You lost me at hello

One thing I have never been told by anyone is that I am a slow talker.

When it comes to running a benefit auction though; I have had the experience of an ill-timed or poorly-paced program. In general, it is getting more and more difficult to grab and hold onto people's attention. Between socializing, drinking and having the need to constantly check our phones; the hired help had better be pretty entertaining up there on stage. It then becomes even more important to keep the night's scheduled events starting and ending on-time. If your auctioneer is doing what he's been hired to do and your auction has started when it was supposed to, why is the night dragging on? You can probably blame it on your choice of Master of Ceremonies, or more commonly known as the MC.

For a lot of planning committees, the MC is often an afterthought; though he shouldn't be. The MC is as integral to the success of your benefit as is the auctioneer. It has been my experience that an inexperienced, unprepared, or easily distracted master of ceremonies who sometimes ends up partying along with the audience just a bit too much; may be the root cause of a seemingly never-ending night of fundraising. The other integral piece is the live auction. What can be done in about an hour by an effective and seasoned benefit auctioneer, can sometimes drag on all night because of bad hiring in talent or something important missed by the organizing committee.

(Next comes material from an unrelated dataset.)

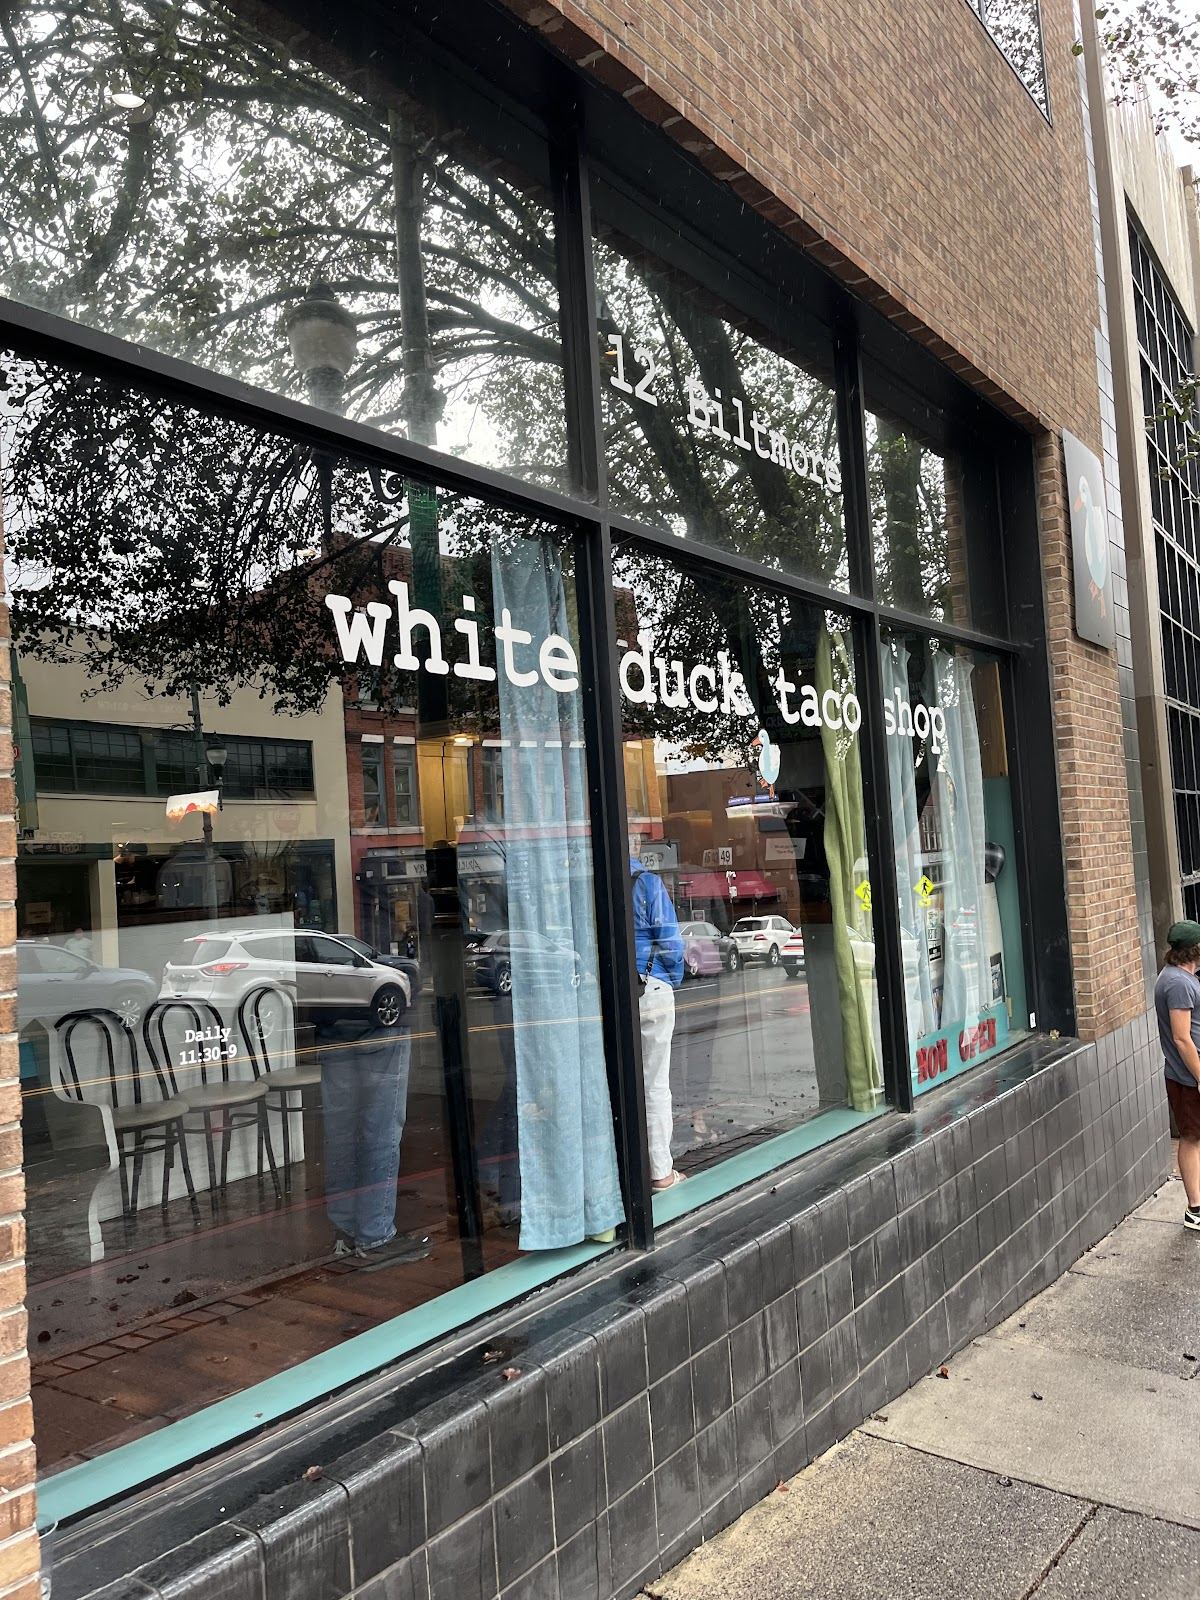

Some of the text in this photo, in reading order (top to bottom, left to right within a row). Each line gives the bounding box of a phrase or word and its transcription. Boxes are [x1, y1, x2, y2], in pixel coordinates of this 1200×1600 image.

So if you have an MC who reads directly from the program, speaks slowly or just simply isn't paying attention; this can set the tone to the evening and lead to huge problems with your event! Your auctioneer cannot get the bidding started until the MC is done with his spiel. It looks easier than it is and how well your auctioneer and master of ceremonies can work together also matters. So take the time to choose a good MC. Ask your auctioneer who he has worked well with and ask him for some recommendations. I have a few whom I work really well with that I would be happy to share with you

Remember, your auctioneer always follows the MC like the second chapter of a book. So make sure your MC doesn't lose your audience at hello.